**Source data**
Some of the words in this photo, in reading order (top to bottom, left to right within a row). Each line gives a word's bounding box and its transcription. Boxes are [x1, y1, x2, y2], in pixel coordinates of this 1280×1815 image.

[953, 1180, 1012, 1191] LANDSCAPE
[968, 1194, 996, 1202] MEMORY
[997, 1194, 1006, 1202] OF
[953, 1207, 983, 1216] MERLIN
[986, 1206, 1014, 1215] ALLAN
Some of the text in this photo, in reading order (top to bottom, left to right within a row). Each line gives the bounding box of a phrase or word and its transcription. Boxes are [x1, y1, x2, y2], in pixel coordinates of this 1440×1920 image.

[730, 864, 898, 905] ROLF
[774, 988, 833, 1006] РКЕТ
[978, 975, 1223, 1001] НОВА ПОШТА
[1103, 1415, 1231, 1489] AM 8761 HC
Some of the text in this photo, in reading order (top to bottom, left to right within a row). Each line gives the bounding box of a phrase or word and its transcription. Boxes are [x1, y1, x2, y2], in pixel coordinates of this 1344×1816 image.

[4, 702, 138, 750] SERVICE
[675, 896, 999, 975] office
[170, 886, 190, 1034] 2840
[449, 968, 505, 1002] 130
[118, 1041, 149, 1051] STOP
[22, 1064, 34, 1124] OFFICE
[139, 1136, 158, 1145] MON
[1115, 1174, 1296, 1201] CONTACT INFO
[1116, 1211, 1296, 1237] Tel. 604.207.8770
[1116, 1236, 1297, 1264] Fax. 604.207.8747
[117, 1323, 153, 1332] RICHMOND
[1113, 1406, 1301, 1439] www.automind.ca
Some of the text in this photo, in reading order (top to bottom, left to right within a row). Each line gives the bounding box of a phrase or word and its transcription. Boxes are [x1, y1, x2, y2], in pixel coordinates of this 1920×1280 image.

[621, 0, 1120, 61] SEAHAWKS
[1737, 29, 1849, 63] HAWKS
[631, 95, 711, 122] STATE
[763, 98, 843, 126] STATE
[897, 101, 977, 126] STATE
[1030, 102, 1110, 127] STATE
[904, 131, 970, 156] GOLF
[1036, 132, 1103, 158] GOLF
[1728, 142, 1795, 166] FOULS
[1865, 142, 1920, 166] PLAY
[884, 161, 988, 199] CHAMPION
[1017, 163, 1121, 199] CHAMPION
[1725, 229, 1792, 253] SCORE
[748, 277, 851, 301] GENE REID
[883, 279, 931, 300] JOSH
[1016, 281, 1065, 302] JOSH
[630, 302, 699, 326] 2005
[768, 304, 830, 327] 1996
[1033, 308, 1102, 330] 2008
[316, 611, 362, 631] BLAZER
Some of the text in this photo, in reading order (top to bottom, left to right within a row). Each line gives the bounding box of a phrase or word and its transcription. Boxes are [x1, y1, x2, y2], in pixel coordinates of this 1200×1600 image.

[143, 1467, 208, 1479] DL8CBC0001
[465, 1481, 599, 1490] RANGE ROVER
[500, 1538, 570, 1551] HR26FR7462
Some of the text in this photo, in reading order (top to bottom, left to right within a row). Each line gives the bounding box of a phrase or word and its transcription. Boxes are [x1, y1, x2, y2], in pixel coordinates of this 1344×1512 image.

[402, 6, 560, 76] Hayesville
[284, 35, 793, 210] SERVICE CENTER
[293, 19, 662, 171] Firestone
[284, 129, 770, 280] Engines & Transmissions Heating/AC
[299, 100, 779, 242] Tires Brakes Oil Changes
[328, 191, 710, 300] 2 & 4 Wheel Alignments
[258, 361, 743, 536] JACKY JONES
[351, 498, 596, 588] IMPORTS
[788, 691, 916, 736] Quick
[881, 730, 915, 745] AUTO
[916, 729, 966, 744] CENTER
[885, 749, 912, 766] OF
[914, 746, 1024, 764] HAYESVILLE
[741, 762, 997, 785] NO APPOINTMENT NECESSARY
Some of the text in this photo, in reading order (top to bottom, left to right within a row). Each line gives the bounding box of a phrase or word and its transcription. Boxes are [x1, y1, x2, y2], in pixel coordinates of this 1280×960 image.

**Directions for this task**
Reproduce the data shown above with every line intact.

**Exercise output**
Some of the words in this photo, in reading order (top to bottom, left to right within a row). Each line gives a word's bounding box and its transcription. Boxes are [x1, y1, x2, y2], in pixel coordinates of this 1280×1815 image.

[953, 1180, 1012, 1191] LANDSCAPE
[968, 1194, 996, 1202] MEMORY
[997, 1194, 1006, 1202] OF
[953, 1207, 983, 1216] MERLIN
[986, 1206, 1014, 1215] ALLAN
Some of the text in this photo, in reading order (top to bottom, left to right within a row). Each line gives the bounding box of a phrase or word and its transcription. Boxes are [x1, y1, x2, y2], in pixel coordinates of this 1440×1920 image.

[730, 864, 898, 905] ROLF
[774, 988, 833, 1006] РКЕТ
[978, 975, 1223, 1001] НОВА ПОШТА
[1103, 1415, 1231, 1489] AM 8761 HC
Some of the text in this photo, in reading order (top to bottom, left to right within a row). Each line gives the bounding box of a phrase or word and its transcription. Boxes are [x1, y1, x2, y2], in pixel coordinates of this 1344×1816 image.

[4, 702, 138, 750] SERVICE
[675, 896, 999, 975] office
[170, 886, 190, 1034] 2840
[449, 968, 505, 1002] 130
[118, 1041, 149, 1051] STOP
[22, 1064, 34, 1124] OFFICE
[139, 1136, 158, 1145] MON
[1115, 1174, 1296, 1201] CONTACT INFO
[1116, 1211, 1296, 1237] Tel. 604.207.8770
[1116, 1236, 1297, 1264] Fax. 604.207.8747
[117, 1323, 153, 1332] RICHMOND
[1113, 1406, 1301, 1439] www.automind.ca
Some of the text in this photo, in reading order (top to bottom, left to right within a row). Each line gives the bounding box of a phrase or word and its transcription. Boxes are [x1, y1, x2, y2], in pixel coordinates of this 1920×1280 image.

[621, 0, 1120, 61] SEAHAWKS
[1737, 29, 1849, 63] HAWKS
[631, 95, 711, 122] STATE
[763, 98, 843, 126] STATE
[897, 101, 977, 126] STATE
[1030, 102, 1110, 127] STATE
[904, 131, 970, 156] GOLF
[1036, 132, 1103, 158] GOLF
[1728, 142, 1795, 166] FOULS
[1865, 142, 1920, 166] PLAY
[884, 161, 988, 199] CHAMPION
[1017, 163, 1121, 199] CHAMPION
[1725, 229, 1792, 253] SCORE
[748, 277, 851, 301] GENE REID
[883, 279, 931, 300] JOSH
[1016, 281, 1065, 302] JOSH
[630, 302, 699, 326] 2005
[768, 304, 830, 327] 1996
[1033, 308, 1102, 330] 2008
[316, 611, 362, 631] BLAZER
Some of the text in this photo, in reading order (top to bottom, left to right within a row). Each line gives the bounding box of a phrase or word and its transcription. Boxes are [x1, y1, x2, y2], in pixel coordinates of this 1200×1600 image.

[143, 1467, 208, 1479] DL8CBC0001
[465, 1481, 599, 1490] RANGE ROVER
[500, 1538, 570, 1551] HR26FR7462
Some of the text in this photo, in reading order (top to bottom, left to right within a row). Each line gives the bounding box of a phrase or word and its transcription. Boxes are [x1, y1, x2, y2], in pixel coordinates of this 1344×1512 image.

[402, 6, 560, 76] Hayesville
[284, 35, 793, 210] SERVICE CENTER
[293, 19, 662, 171] Firestone
[284, 129, 770, 280] Engines & Transmissions Heating/AC
[299, 100, 779, 242] Tires Brakes Oil Changes
[328, 191, 710, 300] 2 & 4 Wheel Alignments
[258, 361, 743, 536] JACKY JONES
[351, 498, 596, 588] IMPORTS
[788, 691, 916, 736] Quick
[881, 730, 915, 745] AUTO
[916, 729, 966, 744] CENTER
[885, 749, 912, 766] OF
[914, 746, 1024, 764] HAYESVILLE
[741, 762, 997, 785] NO APPOINTMENT NECESSARY
Some of the text in this photo, in reading order (top to bottom, left to right within a row). Each line gives the bounding box of a phrase or word and its transcription. Boxes are [x1, y1, x2, y2], in pixel coordinates of this 1280×960 image.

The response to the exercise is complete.